December 22, 2017

EL SALVADOR: 300 To 400 Dead Sea Turtles Were Found Off The Coast Of El Salvador In Jiquilisco Bay In October. 😦

National Geographic
written by Sarah Gibbens
Friday November 3, 2017

As many as 300 to 400 dead sea turtles were found off the coast of El Salvador in Jiquilisco Bay late last month.

Locals began to spot the decomposing sea turtle carcasses as early as October 28, but the massive die off wasn't made public until El Salvador's ministry of environment and natural resources announced the event on Twitter Thursday and provided local reporters with information.

So far, authorities are still in the process of collecting information, and details on exact numbers or the cause of the die off have been scarce. Several turtle species live in the area—hawksbills, leatherbacks, olive ridleys, and green turtles.

Thus far it appears ridleys have been the most impacted.

The die off is reminiscent of similar mortality events in 2013 and 2006, during which about 200 and 120 turtles, respectively, were found dead.

In both of these previous cases, red tide was found to be the cause of the turtles' deaths. "Red tide" is a term that commonly refers to when colonies of algal blooms grow out of control. Sometimes, depending on the specific organisms and conditions, they can become toxic for marine life. Flair ups can occur in fresh and salt water, and they can be exacerbated by runoff from chemicals like pesticides or untreated sewer water. For turtles, ingesting the toxic blooms can be deadly.

Mike Liles has lived in El Salvador for the past decade working on turtle conservation as the director of the country's branch of the Eastern Pacific Hawksbill Initiative. From his sources on the ground, Liles has learned that as many as 300 additional dead turtles may have been found in an area called Isla Tasajara 30 miles west of Jiquilisco Bay. El Salvador's environmental ministry has yet to confirm this.
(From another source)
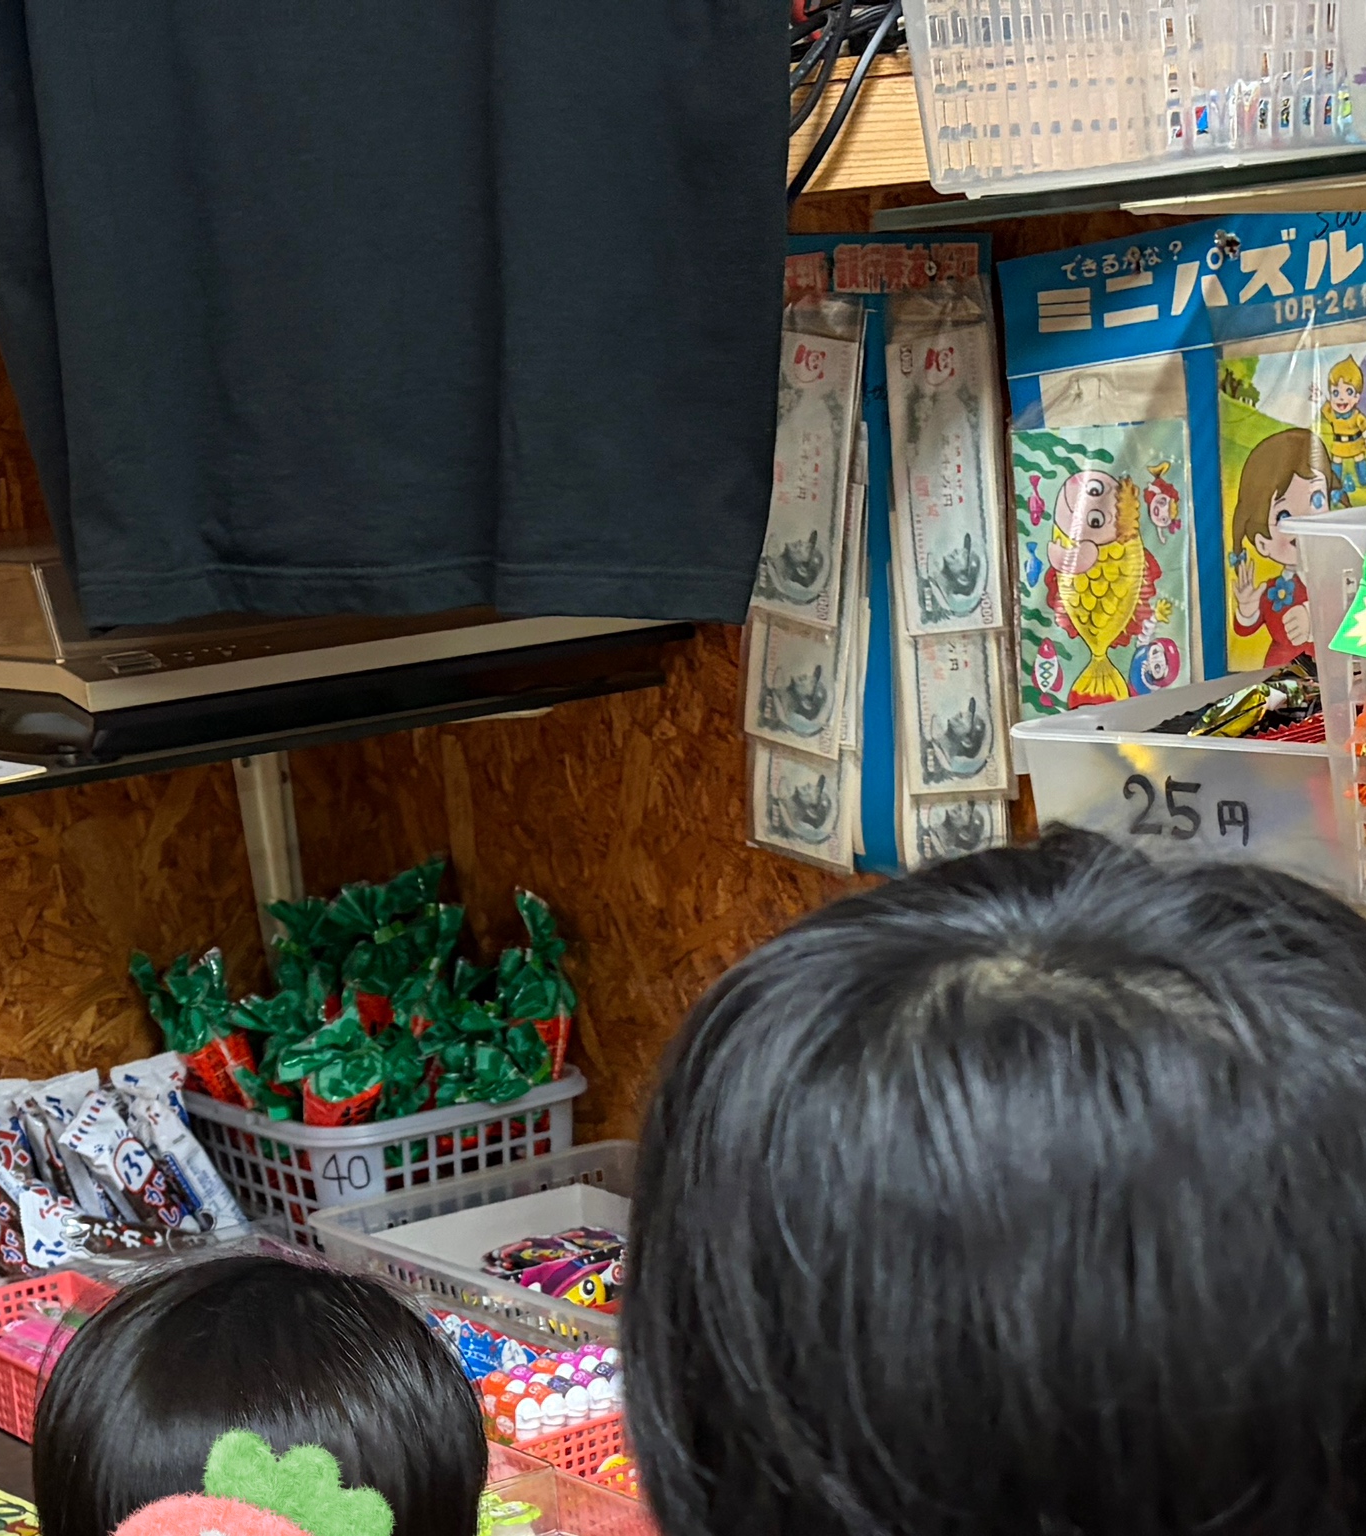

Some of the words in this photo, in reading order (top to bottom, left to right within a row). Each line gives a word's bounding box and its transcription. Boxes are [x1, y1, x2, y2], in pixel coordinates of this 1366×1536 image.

[1036, 228, 1365, 334] ミニパズル
[320, 1152, 372, 1197] 40
Liles hesitates to blame red tide. That explanation is likely, he says, but nearly impossible to say with certainty—until tide and toxicology reports are released by the government.
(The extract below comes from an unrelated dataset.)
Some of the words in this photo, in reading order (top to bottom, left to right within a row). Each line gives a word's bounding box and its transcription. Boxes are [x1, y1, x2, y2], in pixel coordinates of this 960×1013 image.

Samples from the turtles' corpses have been taken to a toxicology laboratory at the University of El Salvador to determine if the turtles did in fact die from ingesting algal blooms.


In the past, shrimp trawling has also caused sea turtle die offs. The marine reptiles are often caught as bycatch and drown in the trawl nets that scrape across the ocean floor. El Salvador's fishing industry has been using shrimp trawlers since the sector began to boom in the 1970s.

However, since October 17, a month-long moratorium has been in effect for shrimping in El Salvadorian waters to allow the populations to rebound. Because the moratorium went into place before the turtle corpses were found, Liles thinks fishing is likely not the cause of the massive die off. But he emphasized the practice is generally still dangerous for turtles.

Alexander Gaos, an ecologist at the Conservation Ecology Lab, also hesitates to identify an exact cause until more information is released from the government.

"It seems like in the last decade its happened quite often," Gaos said of the turtle die offs.


While it's one of the largest turtle die offs the country has ever experienced, Liles isn't too worried about the populations as a whole. Ridleys have been among the majority of the turtle corpses, and the species was recently downgraded from being classified as endangered to being classified as vulnerable by the International Union for the Conservation of Nature.

Liles speculated that it wasn't out of the realm of possibility that, as run off from industrial agriculture makes red tides worse and turtle populations begin to rebound, more large-scale die offs could become more common. Gaos agreed and underscored the need for more conservation programs to be in place.

"Ideally the government would have a team ready to immediately get concrete evidence," he said. "The longer you wait the more [the turtles] decompose."